Personal Injury

Do I Really Need Car Insurance?

Reviewed by David Goguen, J.D., University of San Francisco School of Law
If you own a car, it's not just a good idea to make sure you have car insurance, it's also the law.

Especially if you’ve never been in a car accident, you may wonder why you even need car insurance. The number one reason is this: All states require you to carry car insurance or establish some other form of financial responsibility in case you get into an accident in your registered vehicle. But that's not the only reason to make sure you carry the right type and amount of coverage.
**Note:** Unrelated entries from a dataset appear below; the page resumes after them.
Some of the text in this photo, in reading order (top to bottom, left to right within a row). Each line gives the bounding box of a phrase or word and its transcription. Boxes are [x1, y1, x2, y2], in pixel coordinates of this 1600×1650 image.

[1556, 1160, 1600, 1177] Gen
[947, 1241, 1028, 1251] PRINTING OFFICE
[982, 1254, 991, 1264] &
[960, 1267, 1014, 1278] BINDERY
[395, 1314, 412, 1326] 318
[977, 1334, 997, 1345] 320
It's the Law, But It Also Protects You

After a car accident, the drivers and passengers involved may suffer harm in the form of injuries, property damage, lost income, and other kinds of losses (called "damages" in legalese). If you don’t have car insurance, you could be on the financial hook for some or all of these costs, especially if you caused the car accident. Few of us have that kind of cash lying around.
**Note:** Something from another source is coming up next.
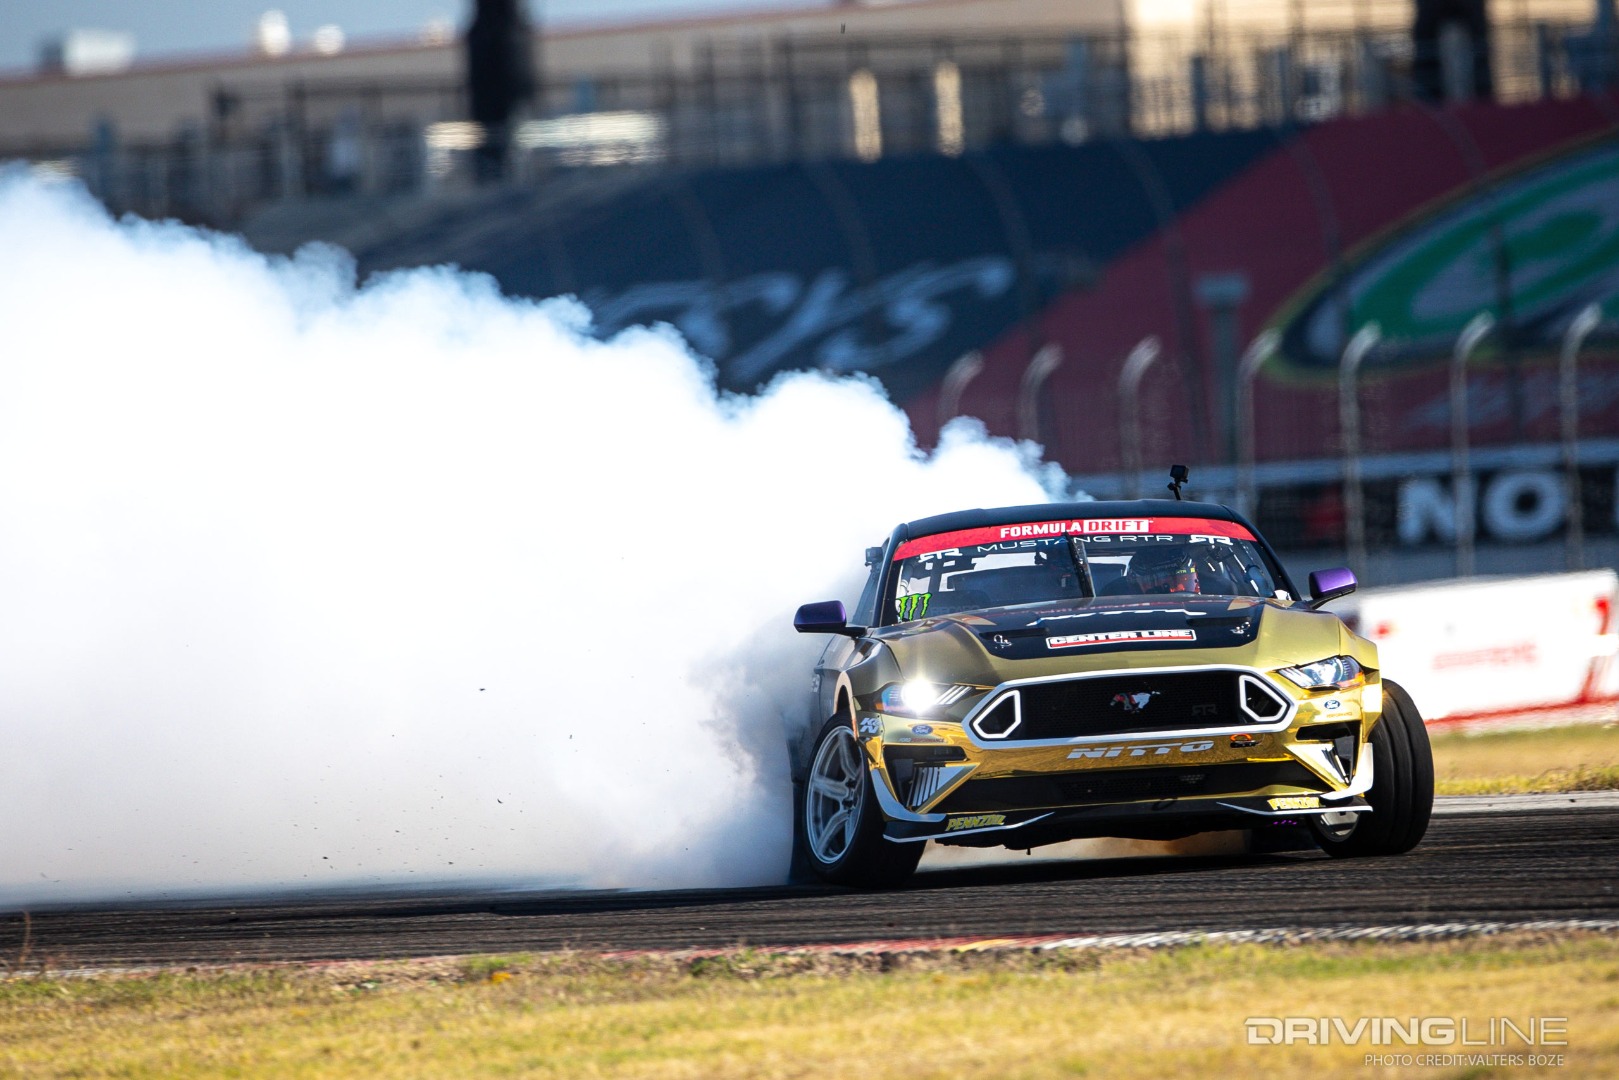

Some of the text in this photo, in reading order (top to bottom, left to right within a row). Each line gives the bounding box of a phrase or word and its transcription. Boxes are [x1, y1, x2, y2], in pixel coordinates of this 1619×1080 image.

[1000, 520, 1145, 538] FORMULA DRIFT
[977, 535, 1111, 553] MUSTANG
[1067, 740, 1215, 759] NITTO
[945, 814, 1007, 831] PENNZOIL
Car insurance protects you from personal financial loss by pooling what you pay for car insurance -- your "premium" -- with that of thousands or even millions of other drivers. This way, when you have a car accident, the insurance company covers your losses up to your policy limits, and you aren’t left holding a bag of debt.

What is a "Policy Limit"?

Your "policy limit" is the maximum amount your insurance company will have to pay if you are in an accident. Most states require that you purchase a certain minimum amount of automobile liability coverage, usually between $15,000 and $25,000.

Car insurance is most often sold with a "per person" and "per accident" maximum loss amount. These numbers are usually right on the front of your automobile insurance policy or insurance card. For example, if you're a California driver, you may wonder what 15/30/5 means:

  • The first number, "15" in this example, is the amount of automobile liability insurance for bodily injury. This means your policy would pay up to $15,000 per person injured in an accident you cause. Keep in mind that liability coverage won't cover your own losses, only those who are harmed in a crash that's deemed your fault.

  • The second number, "30" in the example, gives you the total amount your automobile insurance company will pay for all bodily injury damages arising from an accident you cause. For instance, if three people were in the other vehicle when you caused an accident, and all three people suffered injuries and made car insurance claims with your car insurer, the company would pay a maximum of $10,000 per person up to a total of $30,000.

  • The final number ("5") refers to the maximum amount of money your car insurance company will pay for property damage (that typically means vehicle damage resulting from the accident). Here, a maximum of $5,000.

How Do I Decide How Much Insurance I Need?

Often, the minimum coverage required by law won’t be enough if you are in a serious accident. When buying automobile insurance, remember that it protects you and your assets. You should think hard about how much coverage you might need if the worst-case scenario happens to you or the other driver. What if you are in the hospital for weeks? What if the other driver can’t work for several months? What if you are facing a long painful recovery? Learn more about different types of car insurance coverage and what they mean.

I Live in a No-Fault State; Do I Need Insurance?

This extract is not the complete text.